Phillippe Druillet's NOSFERATU, given that it's a hymn to irony and solipsism, is in some ways the Frenchiest of French comics. In this it diverges from the works that popularized the word "Nosferatu" for modern audiences-- both Bram Stoker's DRACULA and F.W. Murnau's arty knockoff-adaptation NOSFERATU-- for both of these are melodramas in which an evil undead preys upon the living, only to be defeated and destroyed by the righteous actions of good people.
Druillet's narrative takes place in an unexplained post-apocalyptic world, implicitly Earth, though the word "Nosferatu"-- applied to the main character by persons unknown-- is one of the few touchstones with Earth's real-world history. This Nosferatu was apparently an ordinary human at some time, but the catastrophe mutated him into a science-fiction vampire, with the ability to fly and to feed off the living (although Druillet shows him eating flesh as often as drinking blood). From what the reader sees in the story, all other humans have also been mutated into weird non-human creatures.
For several pages, Nosferatu-- who has only a nodding resemblance to the vampire in Murnau's film-- wanders his wreck-of-a-world, looking for prey. He makes brief reference to how he and others escaped the brunt of the catastrophe by hiding underground, but the reader never sees any of Nosferatu's companions. At first he's also hunting for a female companion named Imma, making plans to carry food back to her, since she's immobilized by gangrene. But since he seems to forget her rather quickly, it's possible that she's either dead from the start of the narrative, or that she exists only in his imagination. Indeed, no explicitly female humanoids are seen in the story.
Nosferatu does find a little prey among a tribe of mutants he calls "the Cripples." These characters look like hairy dwarves, but the only thing "crippled" about them is that some of them have spikes in place of hands, while the others have just one spike and one human-looking hand. The Cripples are as eager to devour Nosferatu as he is to prey on them, but he manages to chomp off one dwarf's human-looking hand, which sustains him for the next few pages.
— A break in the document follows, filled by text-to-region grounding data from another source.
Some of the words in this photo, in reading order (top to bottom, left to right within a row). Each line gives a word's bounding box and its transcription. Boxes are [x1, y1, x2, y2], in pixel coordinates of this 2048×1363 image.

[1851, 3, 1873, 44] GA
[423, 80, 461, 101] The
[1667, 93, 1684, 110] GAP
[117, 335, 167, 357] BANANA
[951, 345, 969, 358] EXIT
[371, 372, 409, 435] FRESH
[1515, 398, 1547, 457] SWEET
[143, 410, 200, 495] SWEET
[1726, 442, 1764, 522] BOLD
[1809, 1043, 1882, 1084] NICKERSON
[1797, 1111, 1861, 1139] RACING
Nosferatu continues to roam the world, moaning about his solitary status as "the last vampire." He muses that "the important thing in life" for an individual is to conform to the image that one's society has of said individual, but that even this doleful conformity is beyond Nosferatu, because "I'm both individual and society." He then stumbles across what he mistakes for a living female, but which turns out to be a metal dummy used for some advertising display. Despite this, he carried the dummy around with him for a while, talking to it, naming it "Lilit" (after Lilith, the reputed first wife of Adam), and wondering, "What were you selling, Lilit? Toothpaste? Shoes? Food?" He conceives the notion that, given his status as the sole intelligent life on the planet, he ought to become a poet, so he spontaneously spouts assorted free-verse from the works of Baudelaire (whose translators are duly credited in the comic). He comes across another tribe of mutated humanoids, but they show no intelligence, and one of them displays its lack of social skills by biting off the dummy's head, ending Nosferatu's amour fou.
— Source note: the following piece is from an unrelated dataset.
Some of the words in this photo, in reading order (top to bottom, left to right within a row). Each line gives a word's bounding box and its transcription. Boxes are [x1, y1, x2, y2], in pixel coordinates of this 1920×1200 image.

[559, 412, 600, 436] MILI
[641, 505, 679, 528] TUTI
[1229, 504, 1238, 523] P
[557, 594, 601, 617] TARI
Deprived of even this pitiable companionship, Nosferatu remarks that he's "tired of life." He "aspires to purity, with no hunger, no thirst, no breathing." However, after a little more soliloquizing, he does stumble across something that tests his alleged desire for fellowship. He falls in with a tribe of carrion-eaters that he conceives to be his kindred, and though most of them look more like werewolves than vampires, at least some of them can speak. However, the werewolves have their own problems, like a big serpent-creature that perpetually preys on them. (In an odd choice of real-world references, the creature is named for the San Andreas Fault, apparently just because the beast comes out of the ground.) Nosferatu devises a weapon to kill the beast. However, the stratagem fails and Nosferatu runs away from the conflict, so that he becomes an object of scorn to the werewolves.
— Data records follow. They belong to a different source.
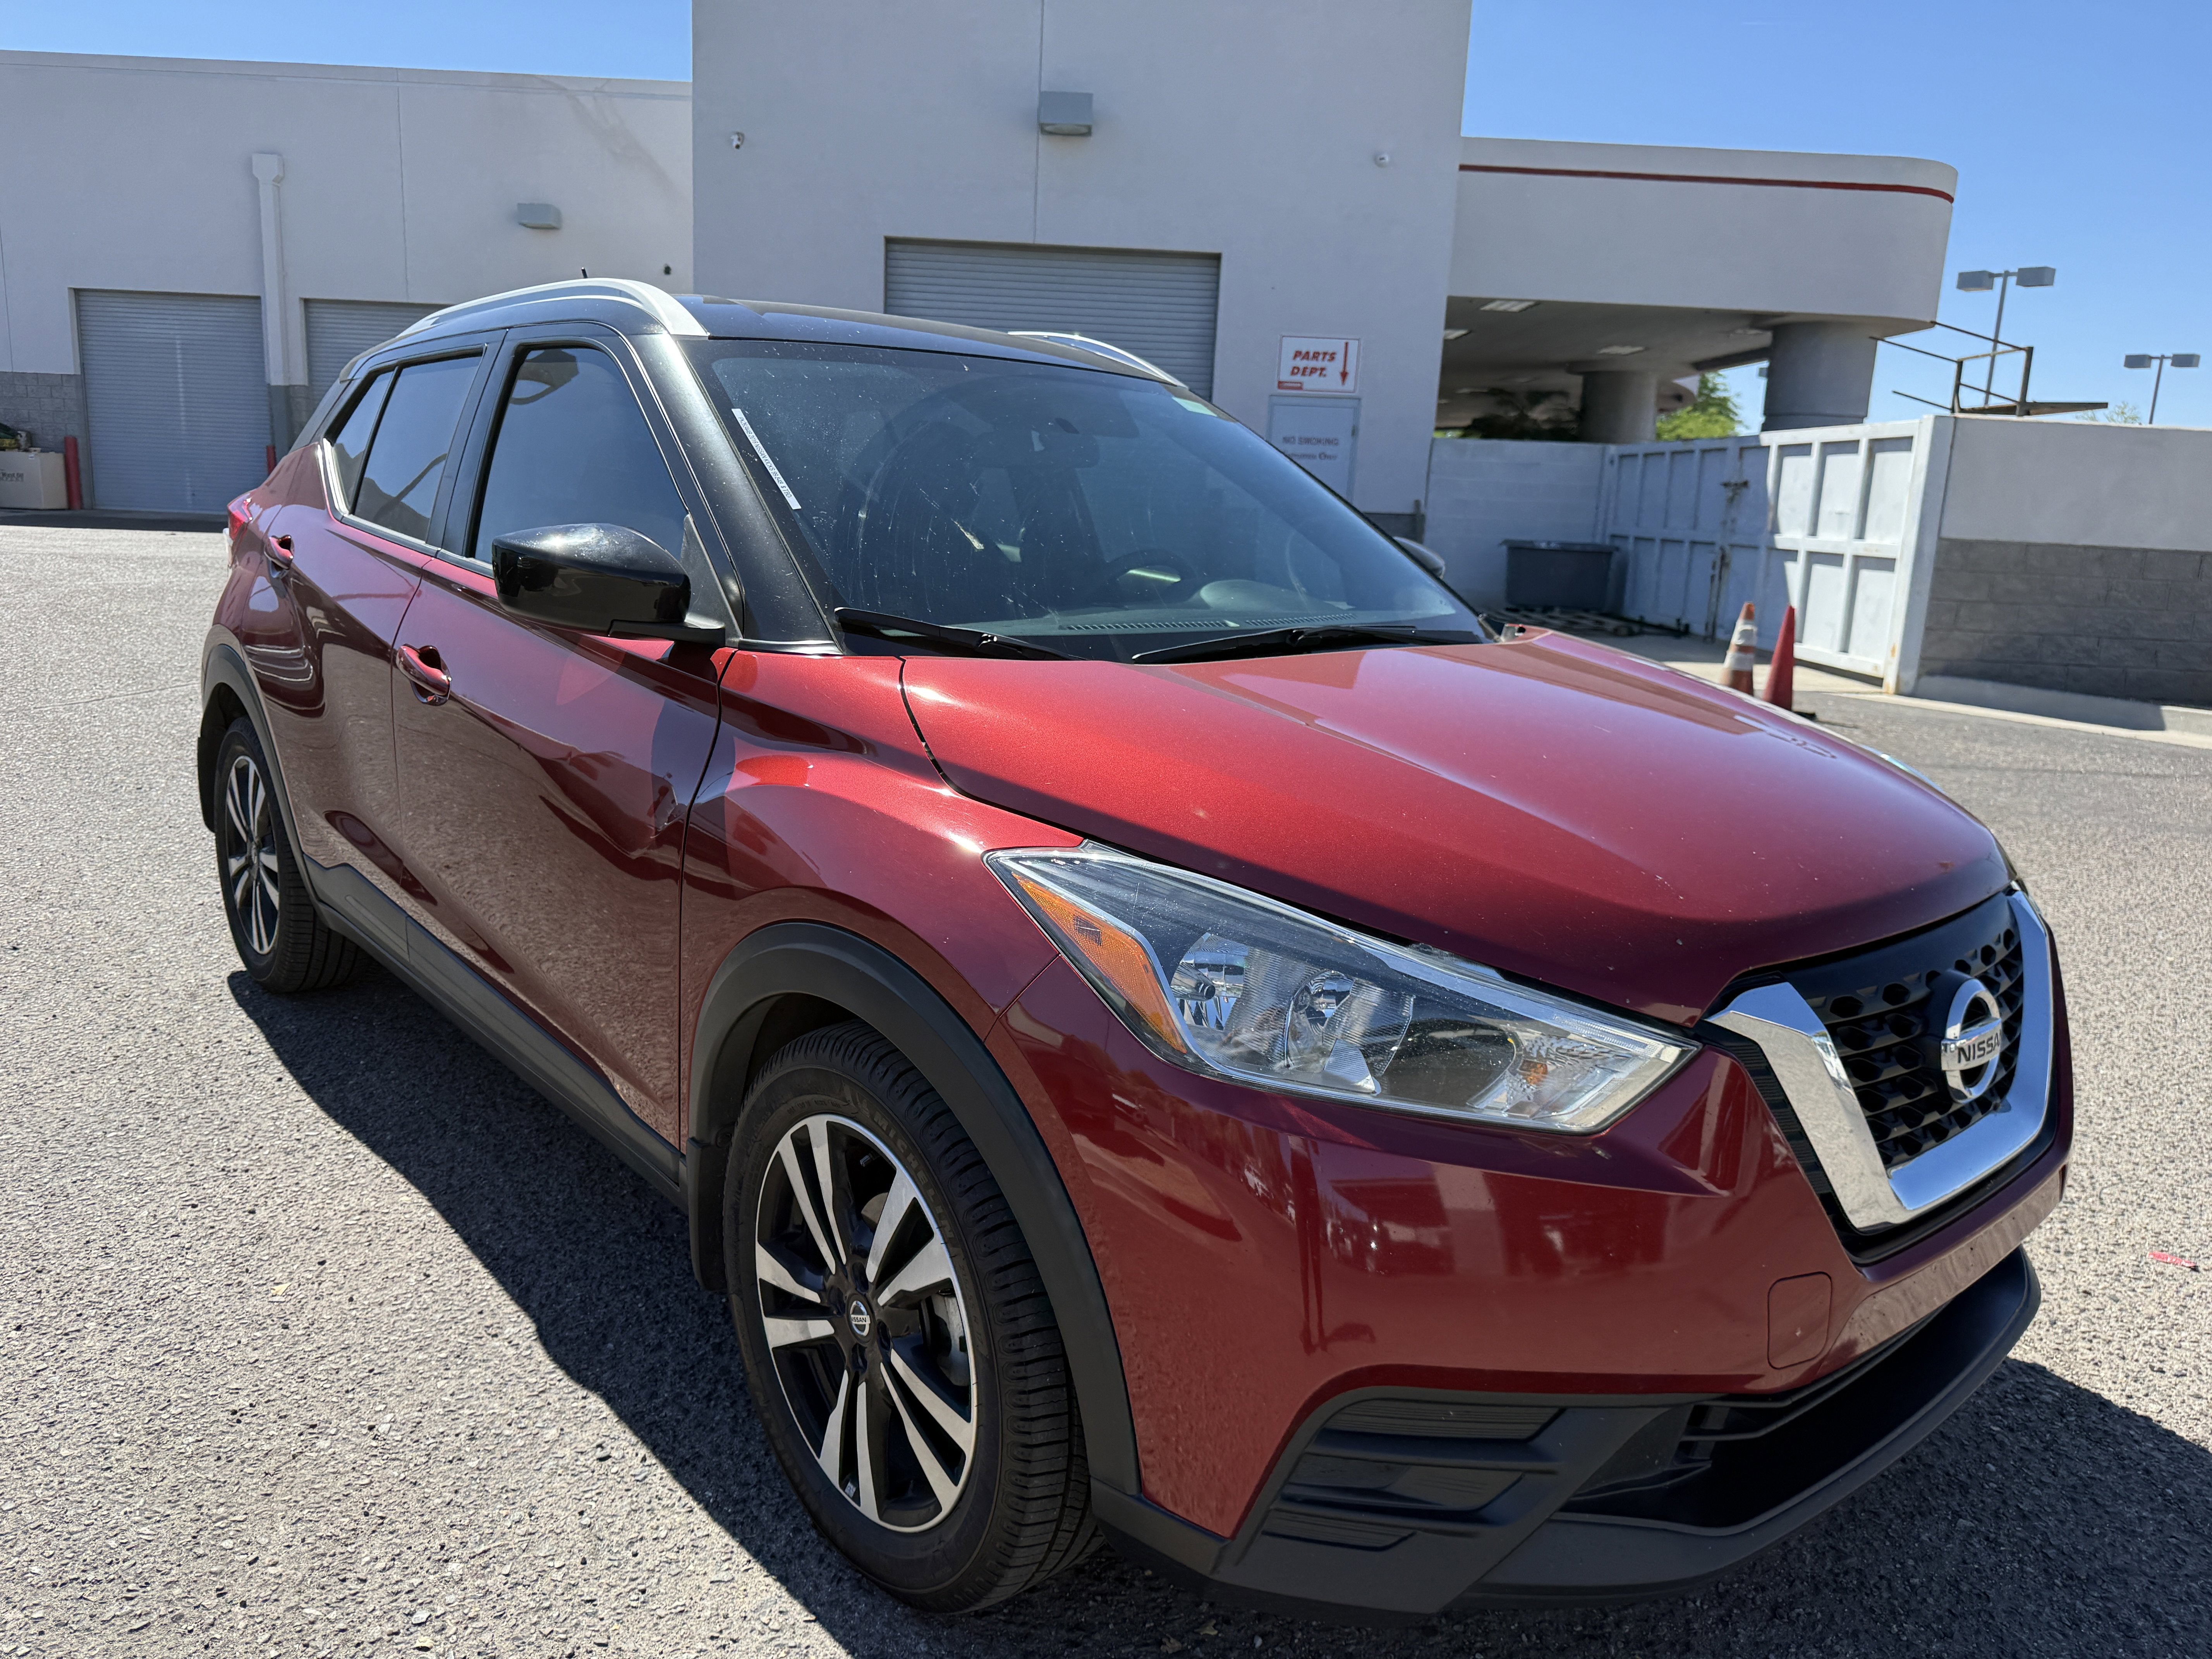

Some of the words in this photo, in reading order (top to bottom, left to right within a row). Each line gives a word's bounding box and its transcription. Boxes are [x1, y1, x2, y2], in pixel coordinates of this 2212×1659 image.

[1293, 350, 1337, 362] PARTS
[1290, 366, 1327, 378] DEPT.
[1283, 436, 1296, 444] NO
[1297, 436, 1339, 446] SMOKING
[753, 444, 767, 459] NISSAN
[764, 459, 775, 471] KICKS
[783, 489, 792, 498] TBD
[873, 1111, 954, 1238] MICHELIN
Disgusted with his lot, Nosferatu decides to build a space-ark and depart the corrupt world for the stars,. He does so within the sight of the werewolves, which has the effect of making them his audience, even if they're cast in the role of "Noah's scoffers." During the construction of the ark, Nosferatu's single-mindedness has a salutary effect on his biology: he mutates further, becoming a being who derives nourishment from the air. However, when he finds he can't power his ship, all of the werewolves laugh at him. This puts the nail in the coffin, so to speak, of the last vampire's desire for society. He transforms into a mutant with mental powers, destroys both the werewolves and his own ship, and then flies off to the stars under his own power, though he continues to make ironic remarks to the readers like "Closing credits. Fade to black"-- which I suppose serve the same purpose as Baudelaire's famous address to his "hypocrite lecteurs."
NOSFERATU shares with other Druillet works its creator's imaginative prolificity, but this one-shot work is much better organized (and hence hyperconcrescent!) than most other Druillet works I've encountered. And, unlike a lot of French comedic works, it's actually funny. I think it was Durgnat who said that watching French comedy films was like watching a bear trained to dance: the pleasure of the spectacle is not that the bear dances well, it's that he can do it at all.